Lines from the one containing "this 1271×1280 image." through the final line of the data, restated word for word and free of pictures, make up the whole answer.

Data records below:

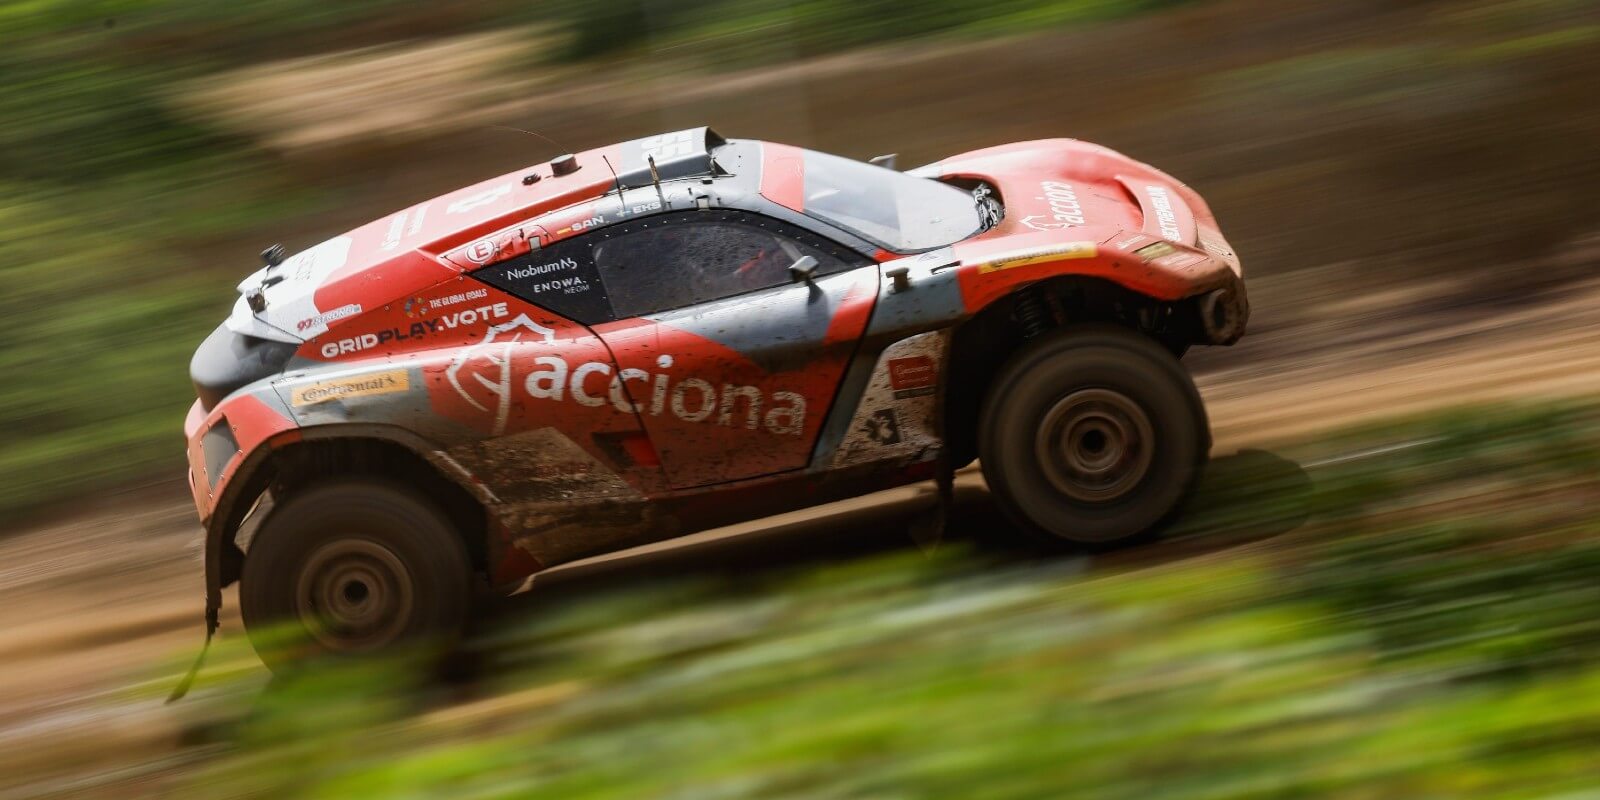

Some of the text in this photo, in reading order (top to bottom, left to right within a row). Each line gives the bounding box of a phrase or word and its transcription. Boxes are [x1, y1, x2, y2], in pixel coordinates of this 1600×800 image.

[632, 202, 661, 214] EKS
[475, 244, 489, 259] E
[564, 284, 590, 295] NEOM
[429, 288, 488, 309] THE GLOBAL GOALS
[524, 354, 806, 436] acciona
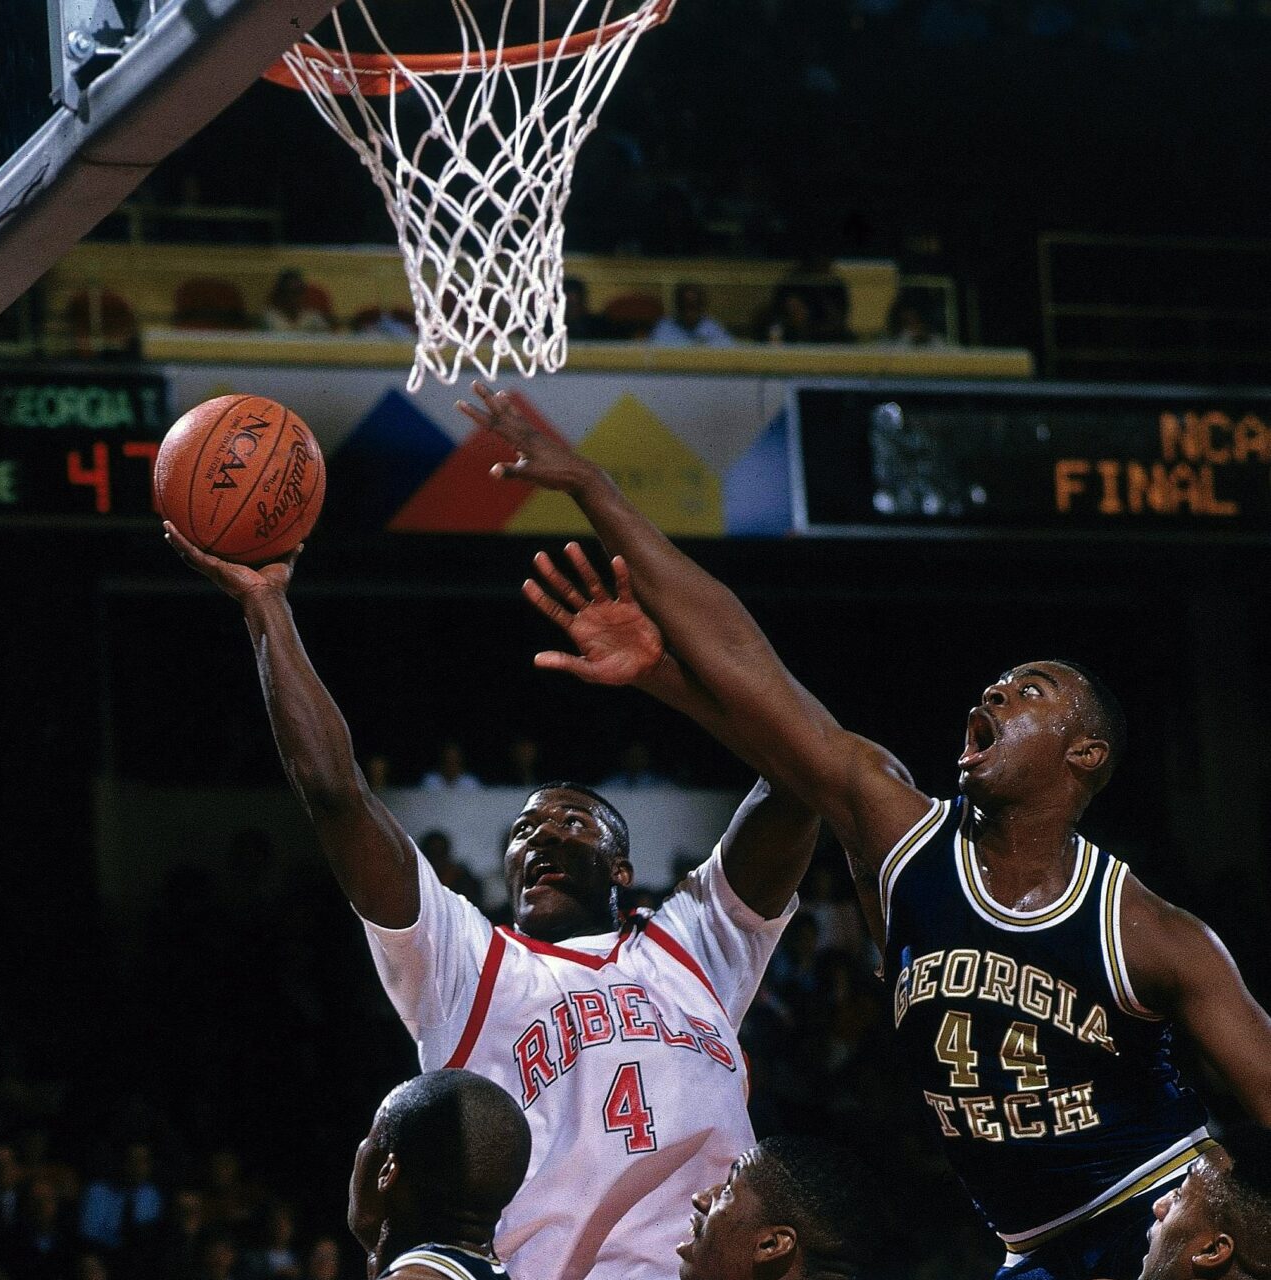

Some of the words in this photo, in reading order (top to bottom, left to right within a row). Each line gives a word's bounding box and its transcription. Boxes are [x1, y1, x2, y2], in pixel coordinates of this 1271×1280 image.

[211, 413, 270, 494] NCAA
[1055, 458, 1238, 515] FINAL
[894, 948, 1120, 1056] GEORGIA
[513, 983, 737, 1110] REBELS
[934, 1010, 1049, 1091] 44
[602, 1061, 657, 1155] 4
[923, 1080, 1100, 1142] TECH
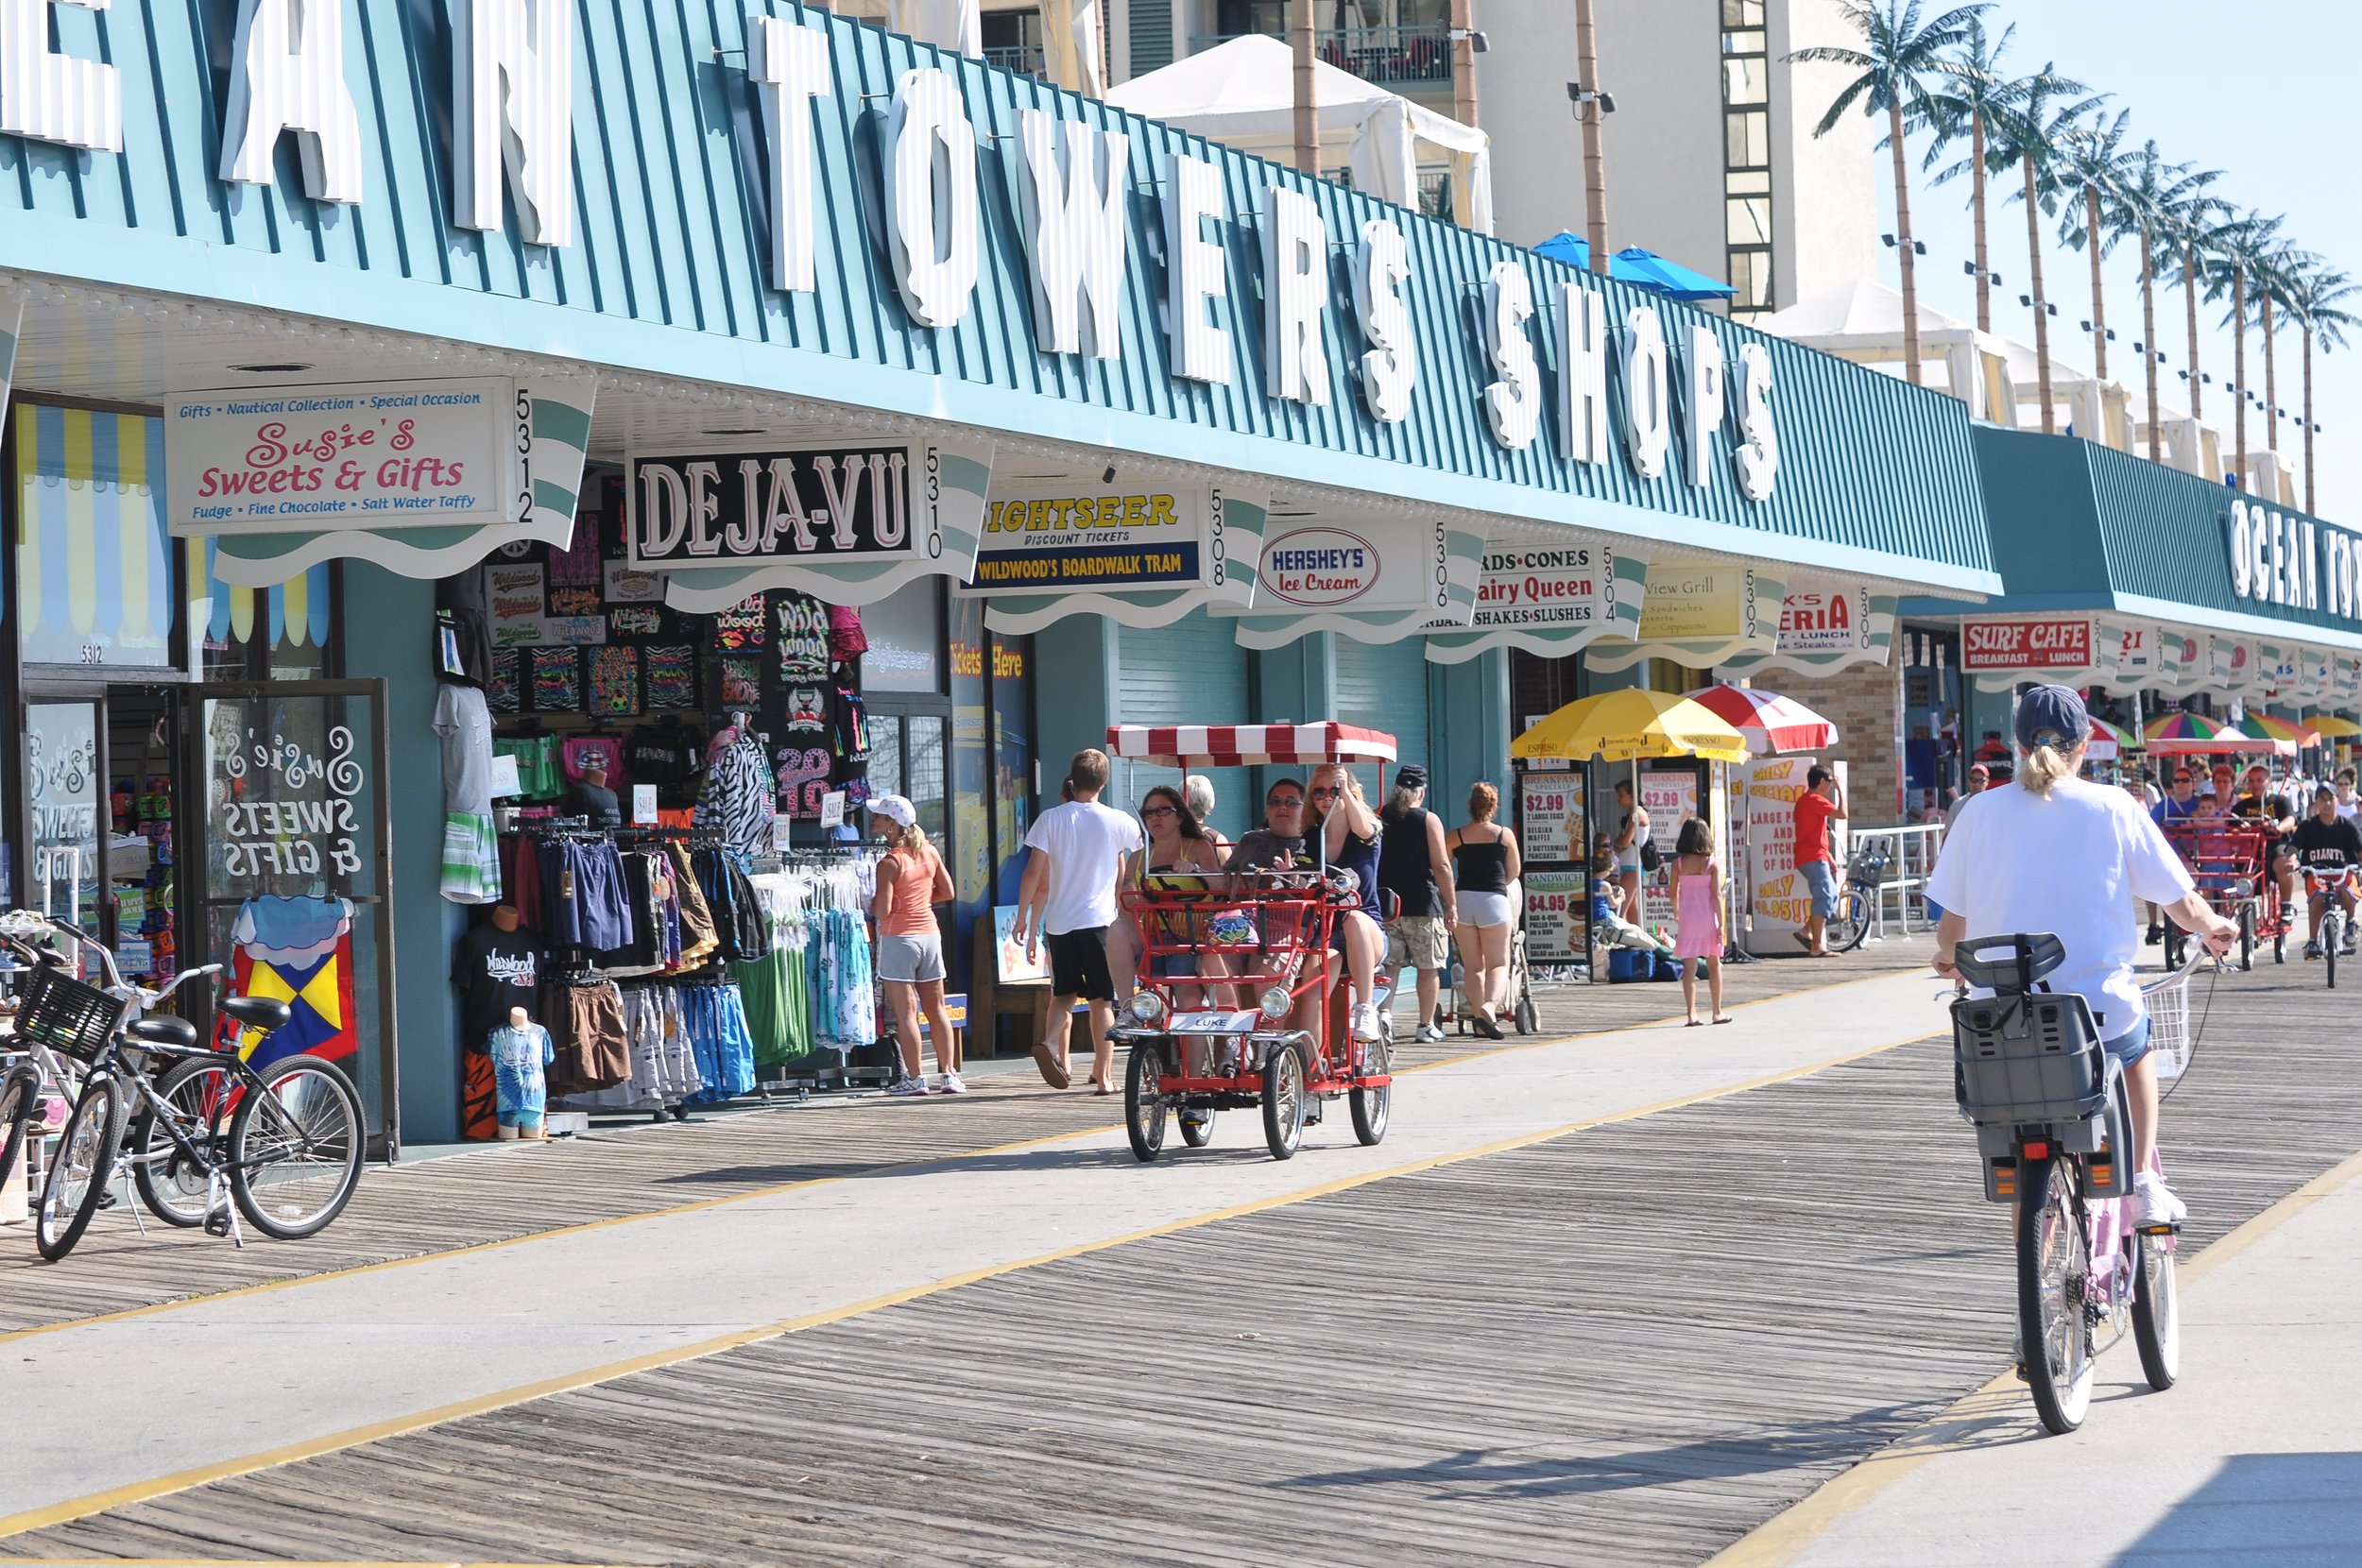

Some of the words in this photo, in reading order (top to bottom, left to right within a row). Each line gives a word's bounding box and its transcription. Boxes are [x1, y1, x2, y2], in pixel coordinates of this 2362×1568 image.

End of Data records.

* Answer box
Some of the words in this photo, in reading order (top to bottom, left to right within a row). Each line gives a word's bounding box and its transcription. Boxes are [x1, y1, x2, y2], in pixel coordinates of this 1271×1280 image.

[211, 413, 270, 494] NCAA
[1055, 458, 1238, 515] FINAL
[894, 948, 1120, 1056] GEORGIA
[513, 983, 737, 1110] REBELS
[934, 1010, 1049, 1091] 44
[602, 1061, 657, 1155] 4
[923, 1080, 1100, 1142] TECH

Some of the words in this photo, in reading order (top to bottom, left to right within a row). Each line gives a word's bounding box and its transcription. Boxes are [x1, y1, x2, y2], in pixel coordinates of this 2362×1568 image.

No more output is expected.